### [Recorded information]

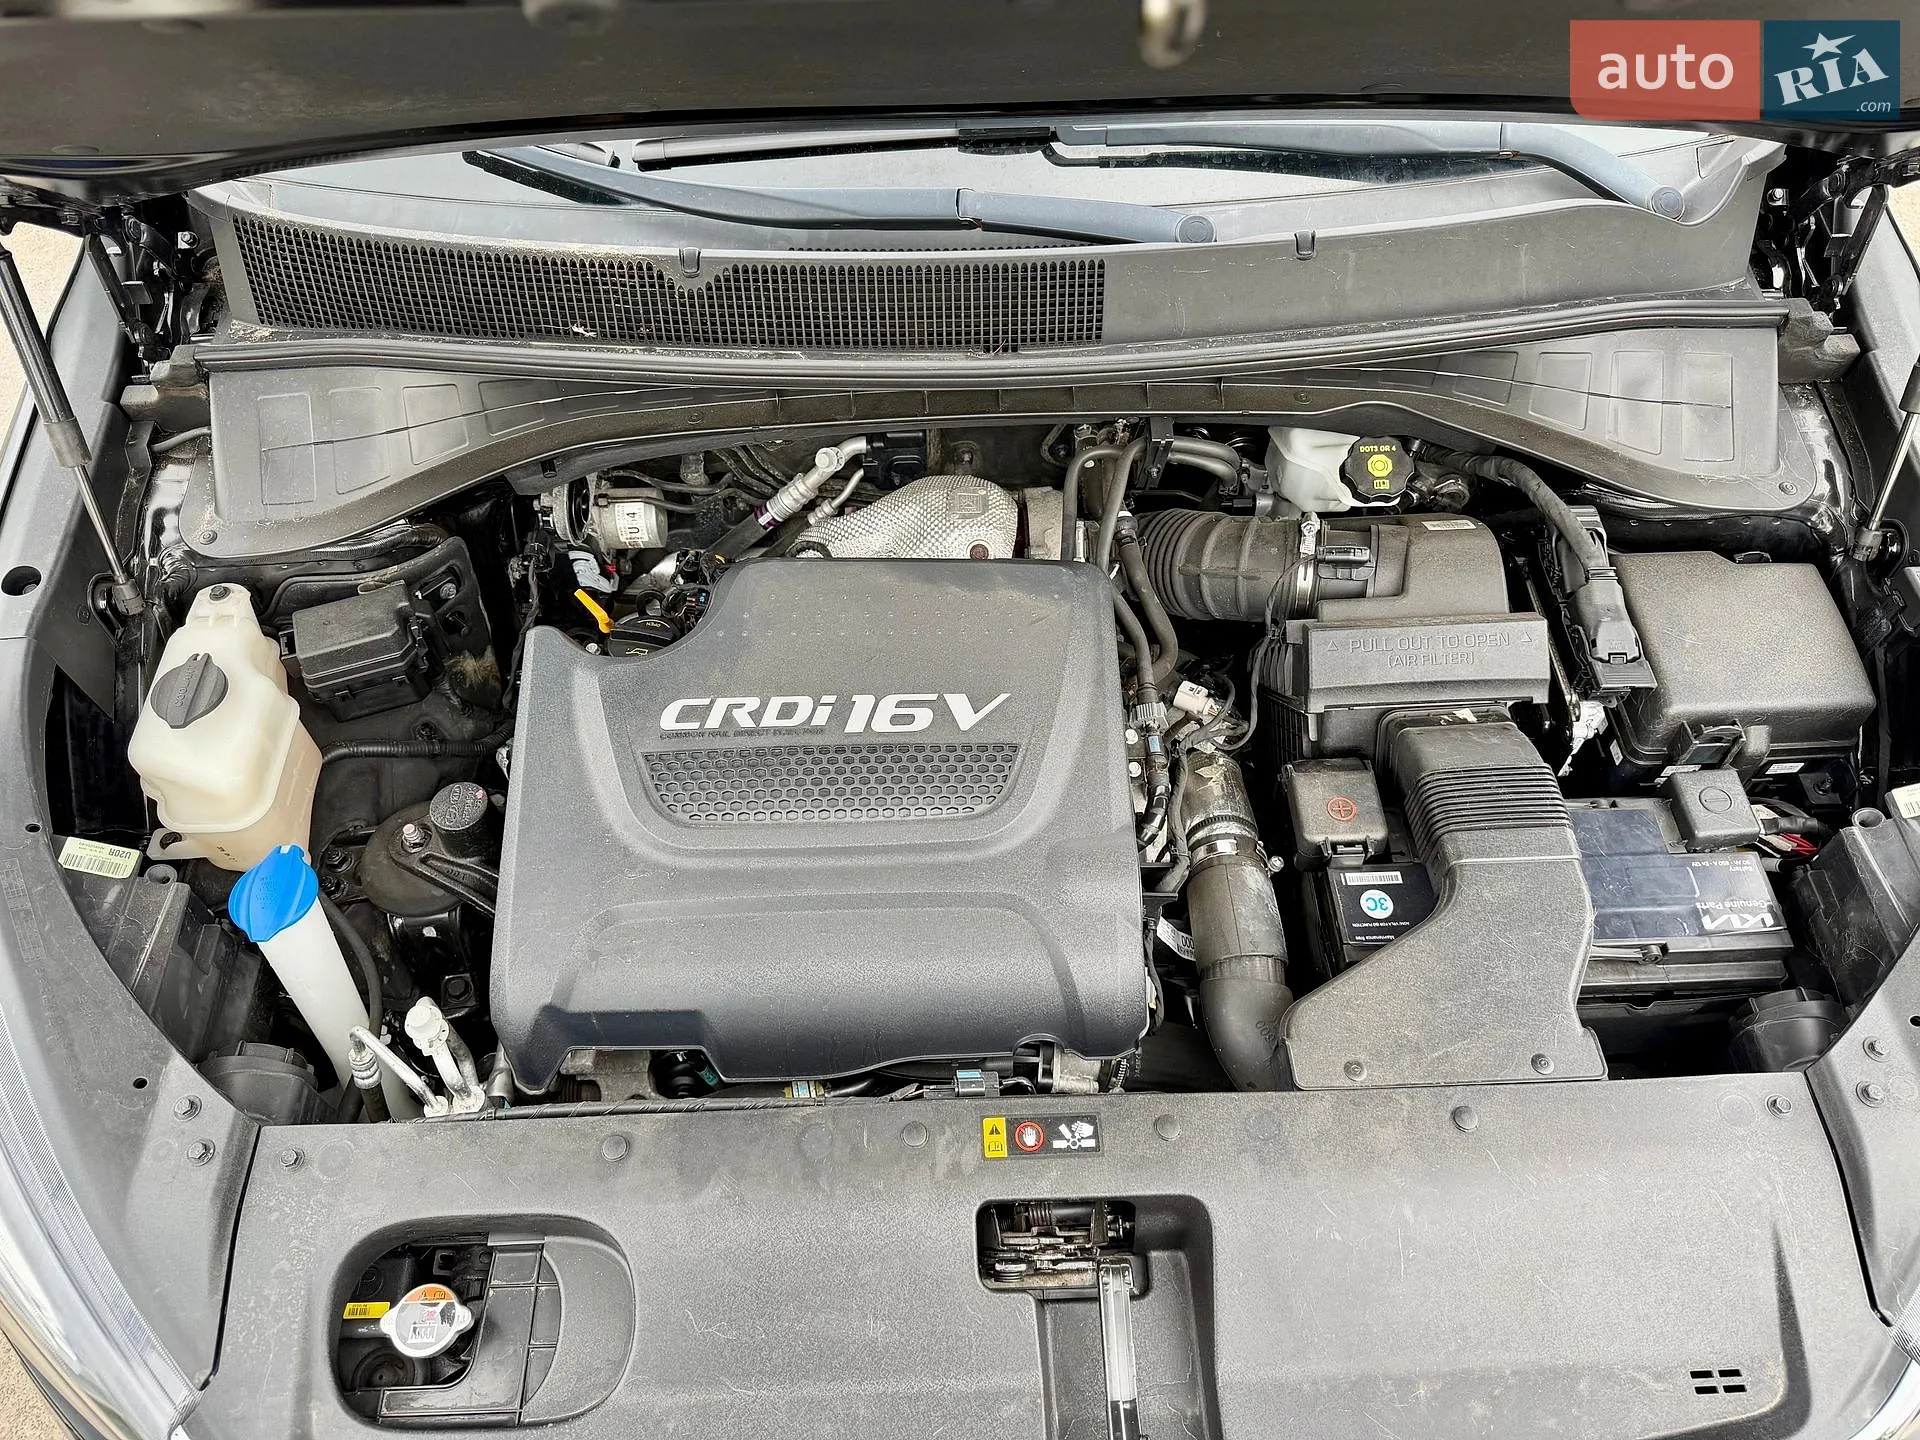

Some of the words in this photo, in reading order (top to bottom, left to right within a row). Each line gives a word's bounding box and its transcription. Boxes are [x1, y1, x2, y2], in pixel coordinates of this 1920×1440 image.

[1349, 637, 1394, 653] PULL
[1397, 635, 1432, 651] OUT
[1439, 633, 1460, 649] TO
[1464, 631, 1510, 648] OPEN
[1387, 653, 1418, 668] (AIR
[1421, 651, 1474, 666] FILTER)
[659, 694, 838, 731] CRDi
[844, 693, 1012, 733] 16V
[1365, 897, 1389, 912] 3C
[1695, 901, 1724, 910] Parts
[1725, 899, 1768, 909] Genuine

### [Problem to solve]
Transcribe the entries above verbatim, omitting their pictures.

### [Completed exercise]
Some of the words in this photo, in reading order (top to bottom, left to right within a row). Each line gives a word's bounding box and its transcription. Boxes are [x1, y1, x2, y2], in pixel coordinates of this 1920×1440 image.

[1349, 637, 1394, 653] PULL
[1397, 635, 1432, 651] OUT
[1439, 633, 1460, 649] TO
[1464, 631, 1510, 648] OPEN
[1387, 653, 1418, 668] (AIR
[1421, 651, 1474, 666] FILTER)
[659, 694, 838, 731] CRDi
[844, 693, 1012, 733] 16V
[1365, 897, 1389, 912] 3C
[1695, 901, 1724, 910] Parts
[1725, 899, 1768, 909] Genuine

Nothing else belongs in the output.